MotoGP | Video: ecco com'è l'Autodromo Ayrton Senna di Goiania, un circuito "anti-Marquez"
Con una lunghezza di tre chilometri e 835 metri, il rinnovato Autodromo Ayrton Senna di Goiania presenta un totale di 14 curve, nove a destra e cinque a sinistra.
Autódromo Internacional Ayrton Senna de Goiania
La seconda tappa del calendario MotoGP 2026 sarà in Brasile, il Paese sudamericano che torna nel calendario del Mondiale dopo oltre due decenni dall'ultima gara disputata lì e, inoltre, lo fa su un tracciato che aveva già visitato alla fine degli anni '80, anche se da allora le cose sono cambiate molto all'Autodromo Internacional Ayrton Senna di Goiania, la capitale di Goias, nell'entroterra del Paese.
I piloti della MotoGP troveranno la prossima settimana una struttura completamente rinnovata, sia per quanto riguarda la pista che l'area circostante, gli edifici e gli accessi, grazie ad un lavoro che ancora oggi è in corso per far sì che tutto sia pronto il 20 marzo, quando le Moto3 scenderanno in pista per la FP1 del Gran Premio del Brasile.

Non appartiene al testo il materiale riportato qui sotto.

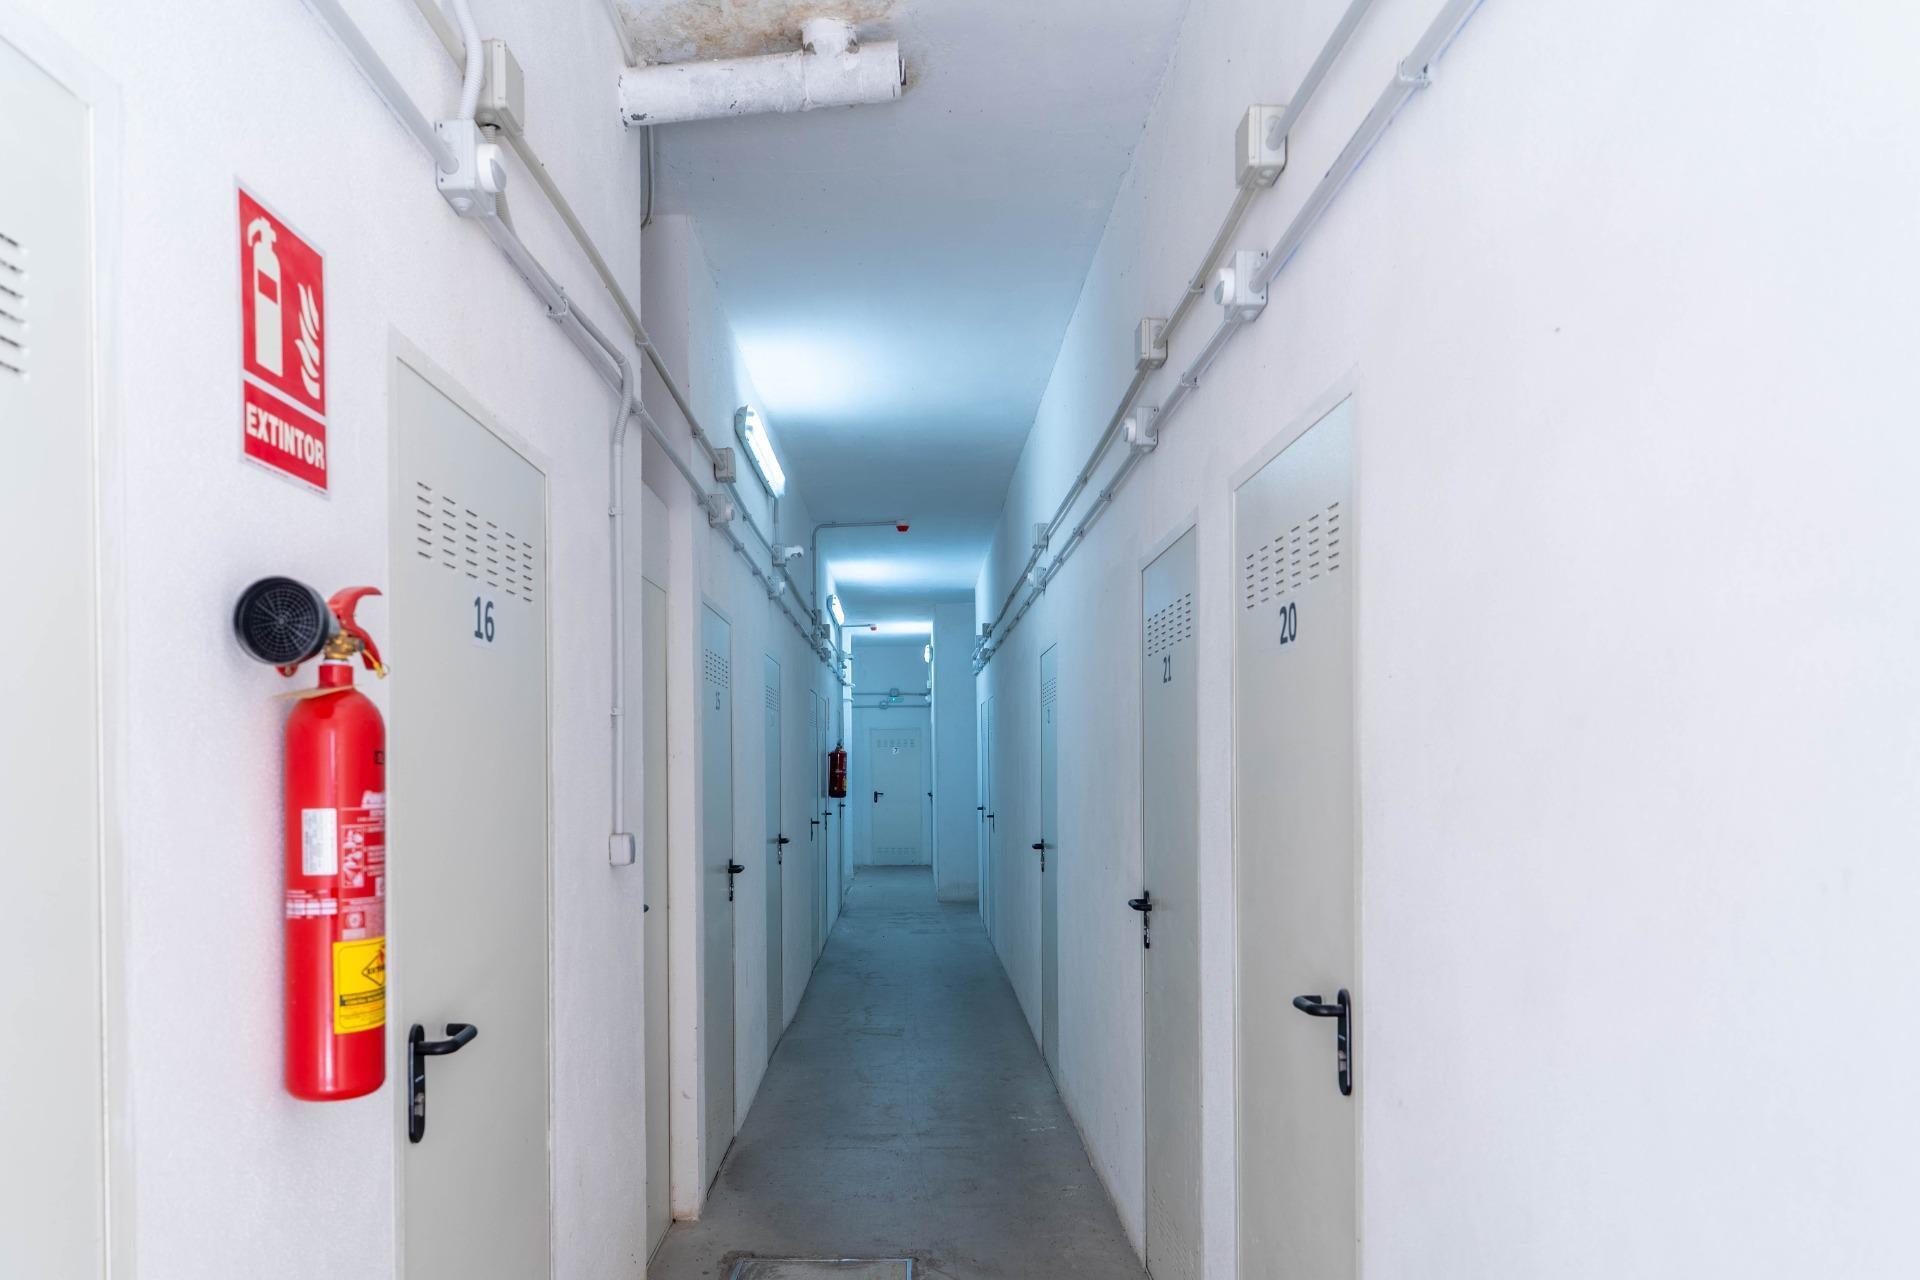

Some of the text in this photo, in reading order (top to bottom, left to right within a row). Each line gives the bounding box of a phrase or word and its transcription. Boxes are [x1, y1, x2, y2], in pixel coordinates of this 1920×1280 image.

[245, 401, 325, 471] EXTINTOR
[474, 596, 495, 643] 16
[1279, 601, 1297, 645] 20
[1163, 655, 1172, 684] 21

Concentrandoci sul circuito, il rinnovato Autodromo Ayrton Senna ha una lunghezza di 3.835 metri, chiaramente al di sotto della media del campionato e di poco superiore al tracciato più corto del calendario, quello del Sachsenring, in Germania, con soli 3.671 chilometri di lunghezza.
Tracciato anti-Marquez
Questo confronto, precisamente, ci porta alla prima caratteristica che contraddistingue il tracciato di Goiania, ovvero il numero di curve a destra, nove su un totale di quattordici, con solo cinque curve a sinistra. Sulla carta, questa distribuzione, assolutamente opposta a quella tedesca, dove la maggior parte delle curve sono a sinistra, fa sì che il tracciato brasiliano possa essere classificato come "sfavorevole" per Marc Marquez, un pilota che si è sempre distinto per la sua padronanza sui circuiti con più curve a sinistra.

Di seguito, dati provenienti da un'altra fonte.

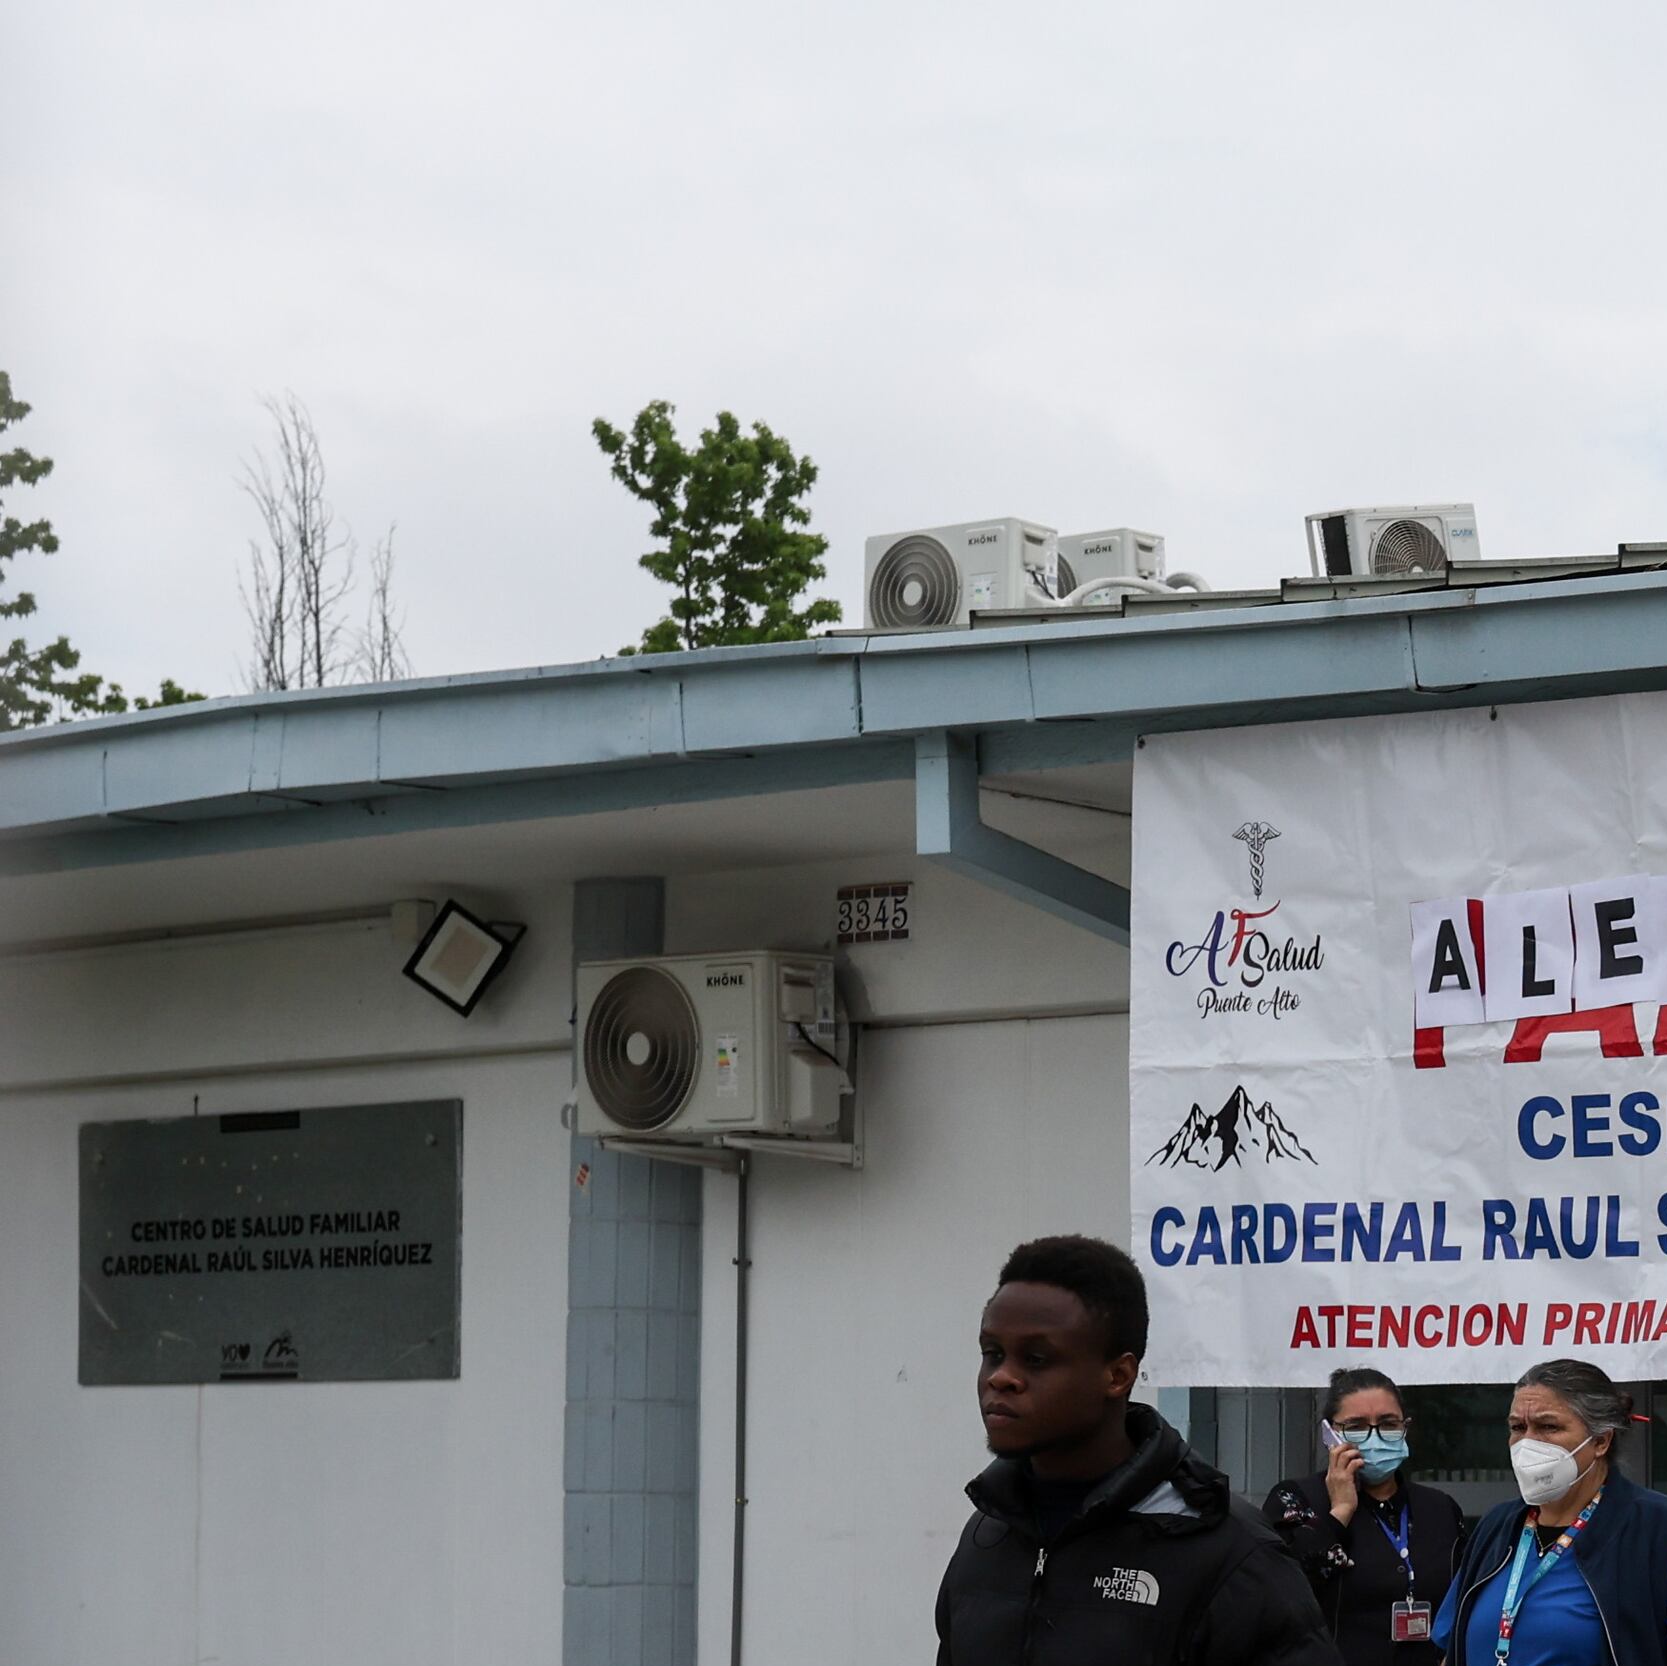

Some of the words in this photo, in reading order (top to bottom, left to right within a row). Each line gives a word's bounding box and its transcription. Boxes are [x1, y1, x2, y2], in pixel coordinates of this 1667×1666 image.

Layout del Circuito di Goiania, con una sezione di 8 curve a destra, tra la 11 e la 4
Foto di: MotoGP
Oltre ad avere nove curve a sinistra, c'è un dettaglio che comporta un certo pericolo, non solo per Marquez, ma per l'intera griglia: dalla 11 alla 4, ovvero quasi tutta la parte esterna del tracciato, tutte le curve sono verso destra, il che significa che quando si arriva alla curva 5, il lato sinistro della gomma sarà completamente freddo, con il pericolo che ciò comporta. Una volta lì, ci sono tre curve consecutive a sinistra (5, 6 e 7), un cambio di direzione a destra (8) e altre due a sinistra (9 e 10), prima di entrare in un "ovale" quasi completo di curve a destra.
Si lavorerà fino all'ultimo minuto
I lavori all'Autodromo Ayrton Senna di Goiania possono essere seguiti praticamente in diretta sul sito web della società di droni Rota Drone Filmes, che sul proprio account YouTube pubblica video sui progressi del circuito, ormai completato ma ancora in fase di rifinitura di molti dettagli.

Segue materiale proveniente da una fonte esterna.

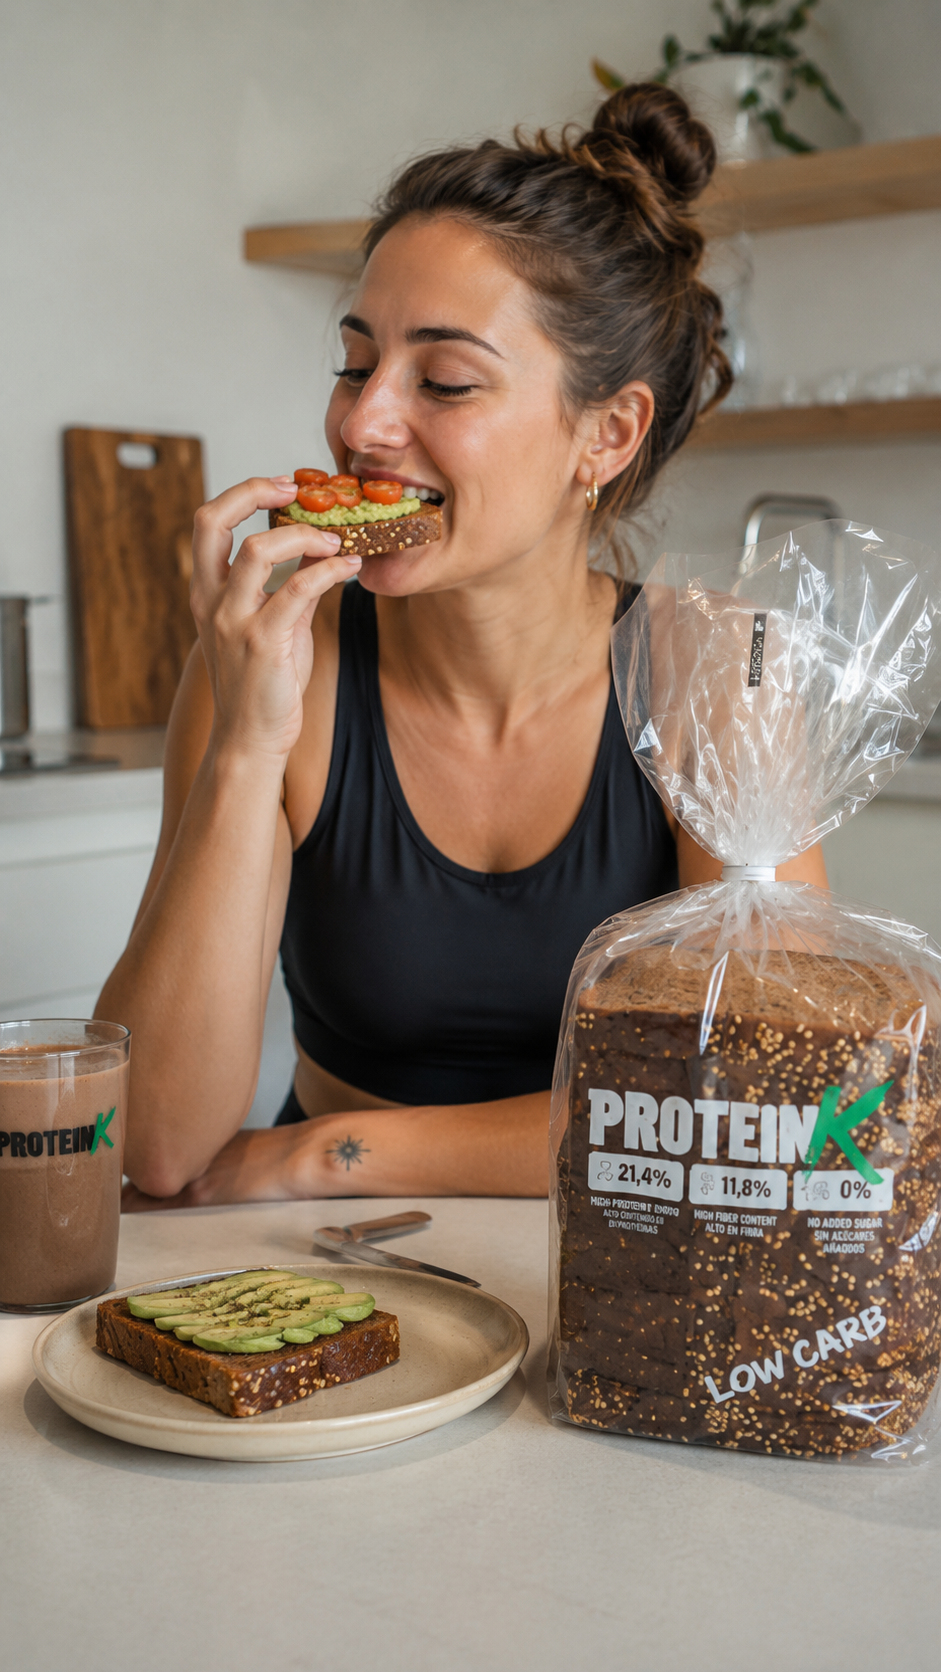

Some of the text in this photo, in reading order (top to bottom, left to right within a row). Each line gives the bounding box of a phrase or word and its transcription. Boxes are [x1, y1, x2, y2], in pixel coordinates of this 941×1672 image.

[618, 1162, 671, 1188] 21,4%
[721, 1175, 771, 1198] 11,8%
[840, 1179, 871, 1199] 0%
[694, 1209, 713, 1220] HIGH
[740, 1214, 777, 1226] CONTENT
[807, 1217, 883, 1229] NO ADDED SUGAR
[705, 1223, 725, 1234] ALTO
[727, 1225, 738, 1235] EN
[814, 1230, 829, 1241] SIN
[704, 1305, 886, 1403] LOW CARB

Una delle cose che più colpisce nel video è che le strade e gli accessi sono sterrati e questo, combinato con le piogge previste per tutta la settimana del Gran Premio, fa pensare che ci saranno grandi quantità di fango e che, in parte, la pista potrebbe risentirne. Per questo motivo sarà importante affrontare con cautela le prime prove libere e lasciare che le moto puliscano l'asfalto con il passare dei giri, sempre che la pioggia dia tregua ai piloti.